The Supreme Court’s brief opinion was released on Monday, December 4. It was delivered not by a specific justice but rather per curiam, “by the court,” a designation that the Court generally used for minor and uncontroversial opinions. If this had been the Court’s only decision in the 2000 presidential contest, the justices’ role would be remembered as a modest footnote in the story. As the justices themselves recognized, they never should have involved themselves in the election, but having done so, at least they did no significant harm.

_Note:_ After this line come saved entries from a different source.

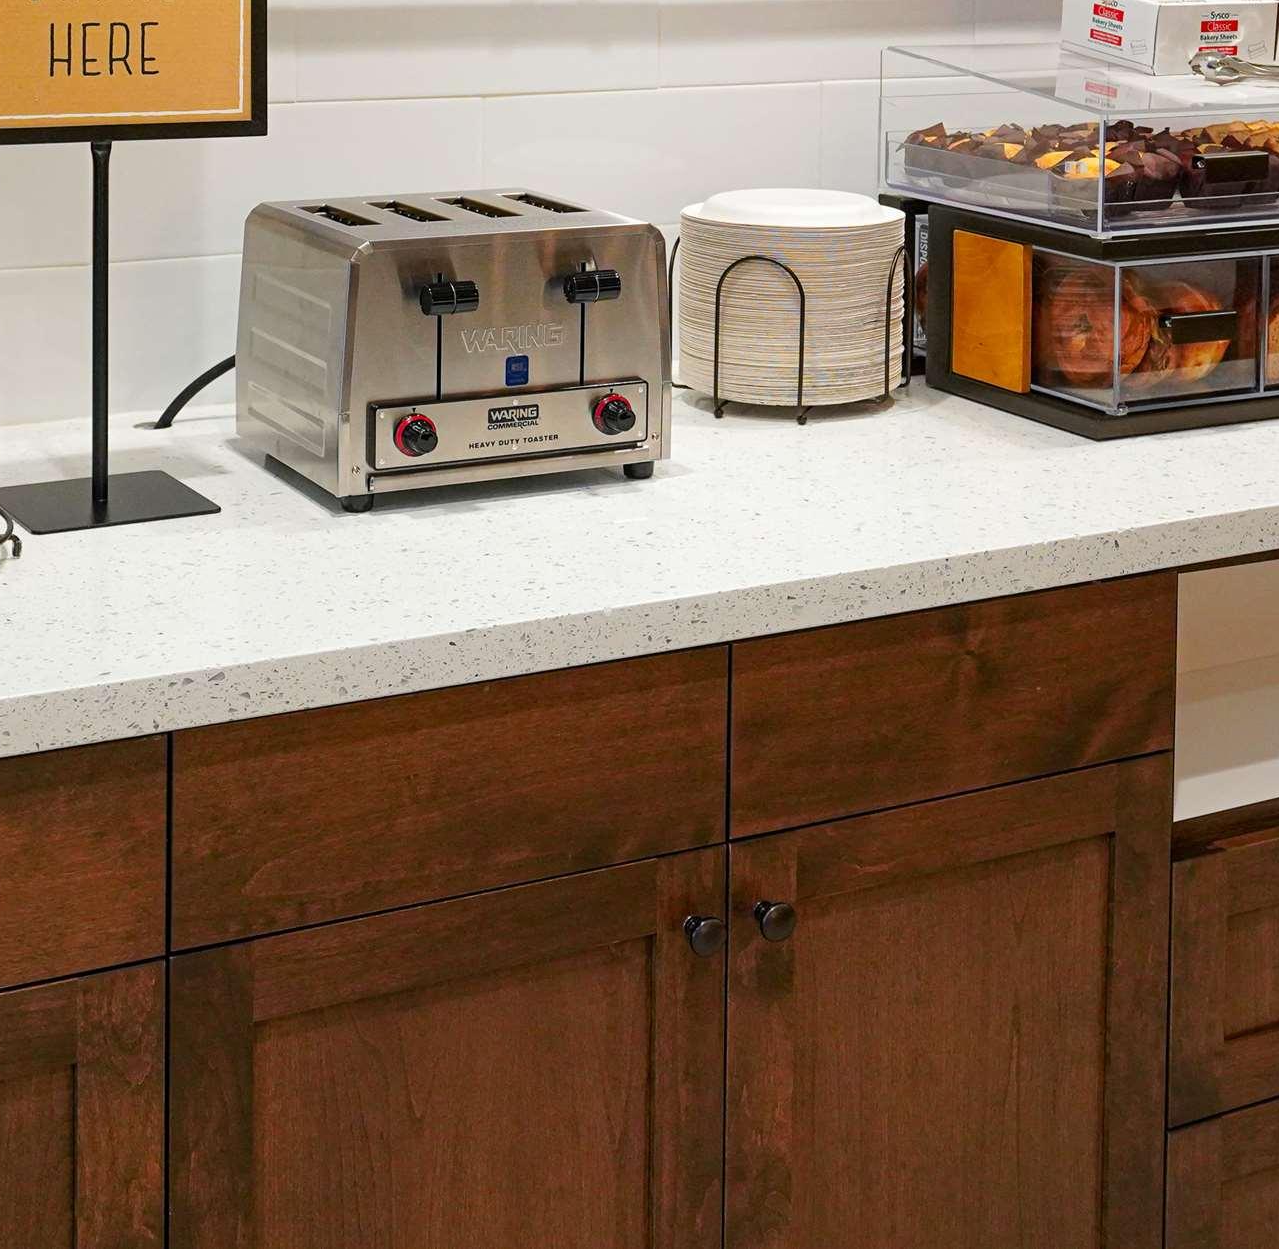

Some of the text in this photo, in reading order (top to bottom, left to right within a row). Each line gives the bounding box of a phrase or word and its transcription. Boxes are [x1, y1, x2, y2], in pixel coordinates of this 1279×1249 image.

[1210, 11, 1230, 20] Sysco
[1207, 21, 1233, 32] Classic
[49, 21, 160, 77] HERE
[460, 322, 564, 355] WARING
[490, 407, 538, 422] WARING
[487, 420, 539, 430] COMMERCIAL
[468, 434, 559, 449] HEAVY DUTY TOASTER
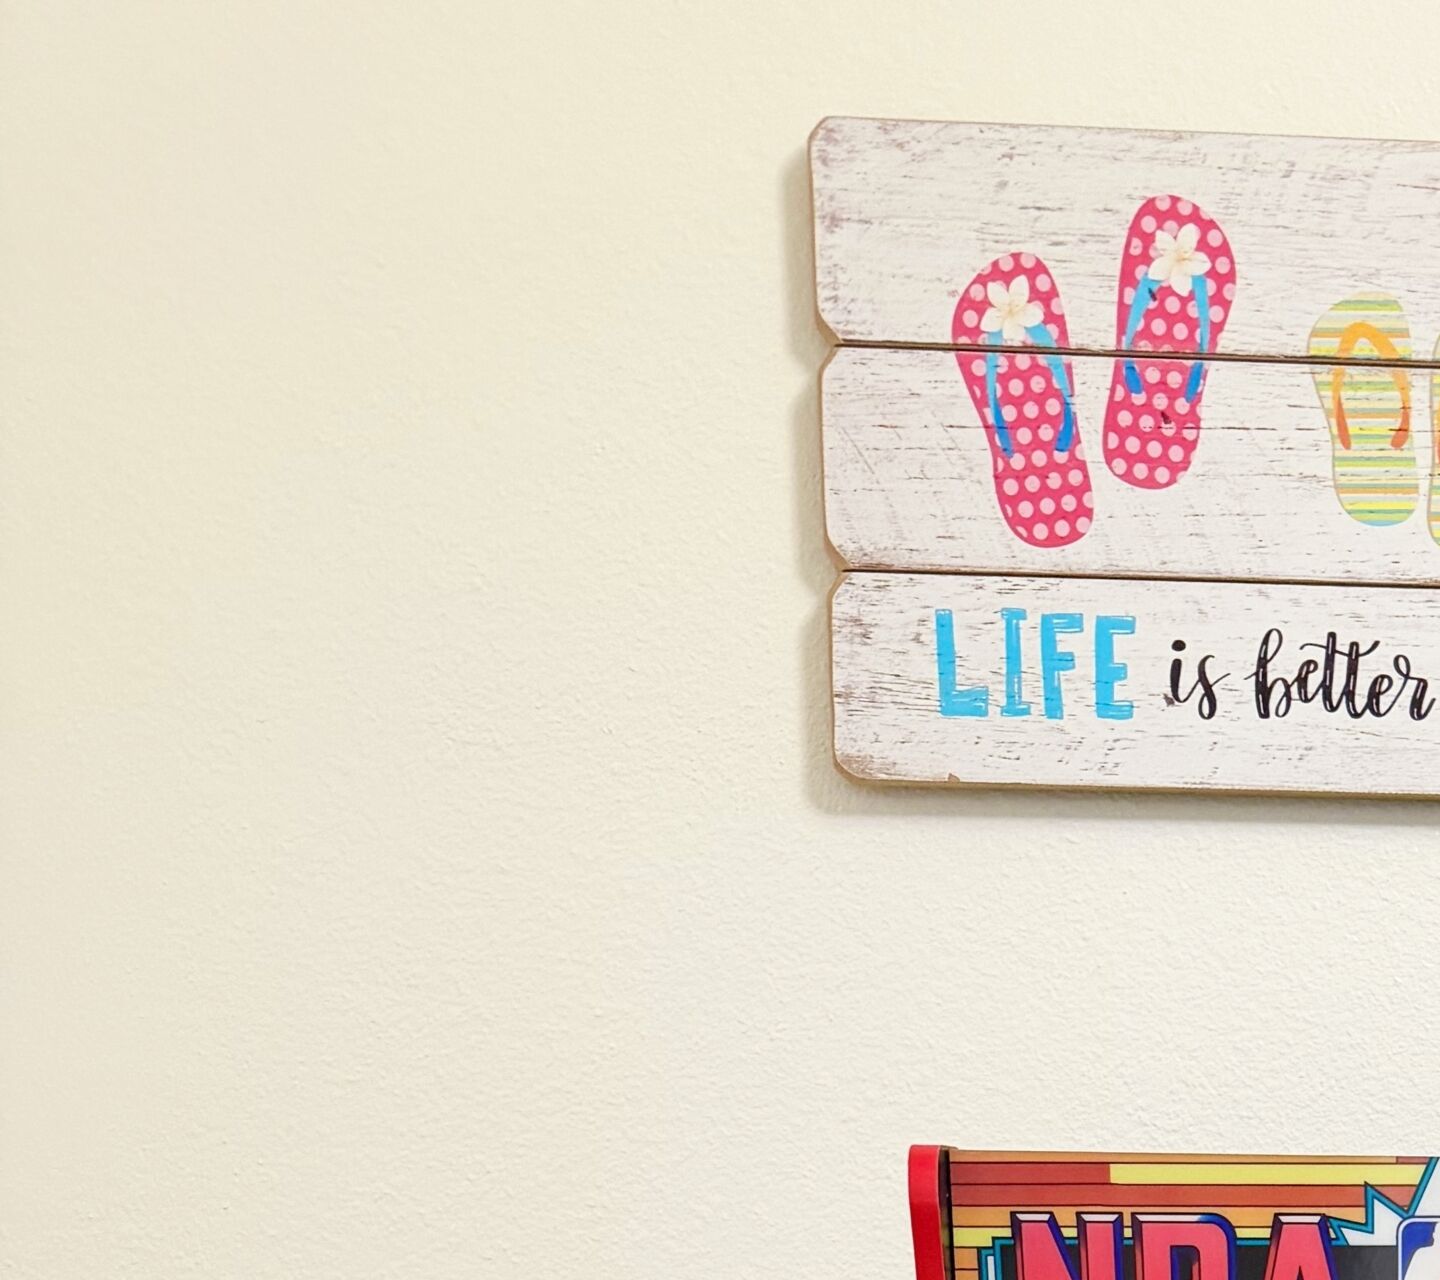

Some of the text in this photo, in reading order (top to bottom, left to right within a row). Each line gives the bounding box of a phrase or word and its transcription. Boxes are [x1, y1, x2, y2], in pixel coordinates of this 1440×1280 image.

[934, 607, 1136, 720] LIFE
[1165, 639, 1231, 720] is
[1244, 628, 1436, 721] better

The more important news of December 4 took place in Tallahassee, where a local judge ruled in the Gore team’s “contest.” He rejected any further recounts and upheld Harris’s certification of Bush’s victory. That decision now headed to the Florida Supreme Court—and, ultimately, back to the United States Supreme Court.

12

OVER THE BRINK

No case engaged the justices’ law clerks more than the election cases in 2000. Many of them spent the crucial period in December in a frenzy of outrage about the tactics and merits of one party or the other in the controversy. The question, though, is whether the clerks made any real difference in the outcome.

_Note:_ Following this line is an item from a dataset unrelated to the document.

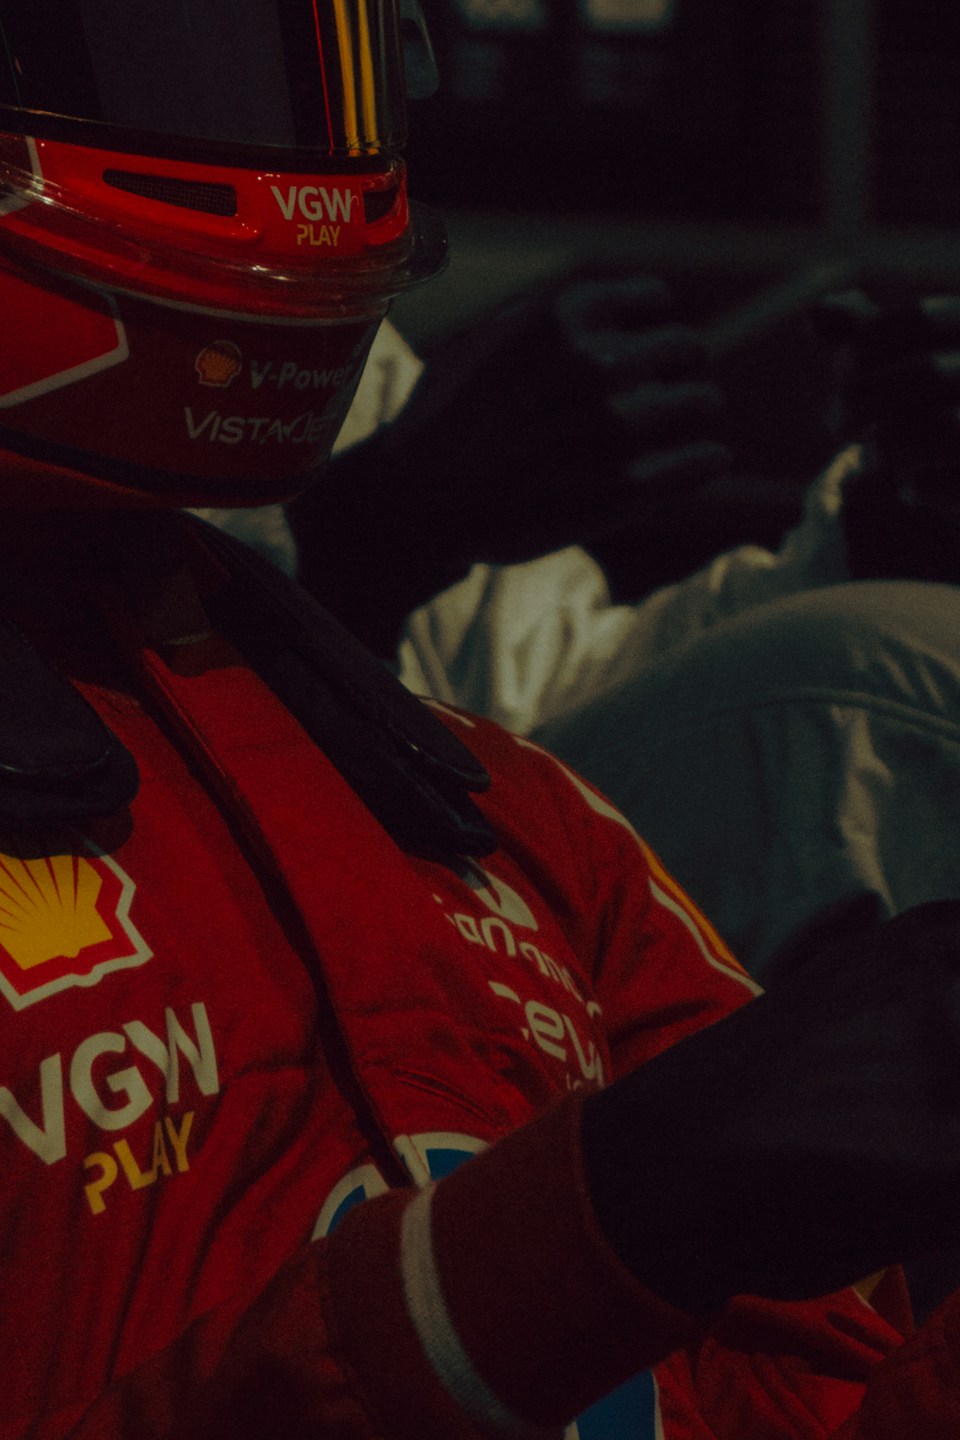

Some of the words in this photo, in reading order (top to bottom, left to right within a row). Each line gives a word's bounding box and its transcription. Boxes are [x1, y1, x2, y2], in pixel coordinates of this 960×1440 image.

[270, 185, 351, 223] VGW
[296, 224, 342, 247] PLAY
[82, 1110, 196, 1217] PLAY

The first person to promote the image of scheming and powerful law clerks was William Rehnquist himself. Forty-three years earlier, shortly after his own clerkship for Justice Robert H. Jackson, Rehnquist wrote an article for U.S. News & World Report asserting that “liberal” law clerks were “slanting” the work of the Court to the left. Rehnquist said that a majority of clerks showed “extreme solicitude for the claims of Communists and other criminal defendants, expansion of federal power at the expense of state power, [and] great sympathy toward any government regulation of business.” For many years, Rehnquist’s picture of the Court as a redoubt of liberal clerks remained the dominant image.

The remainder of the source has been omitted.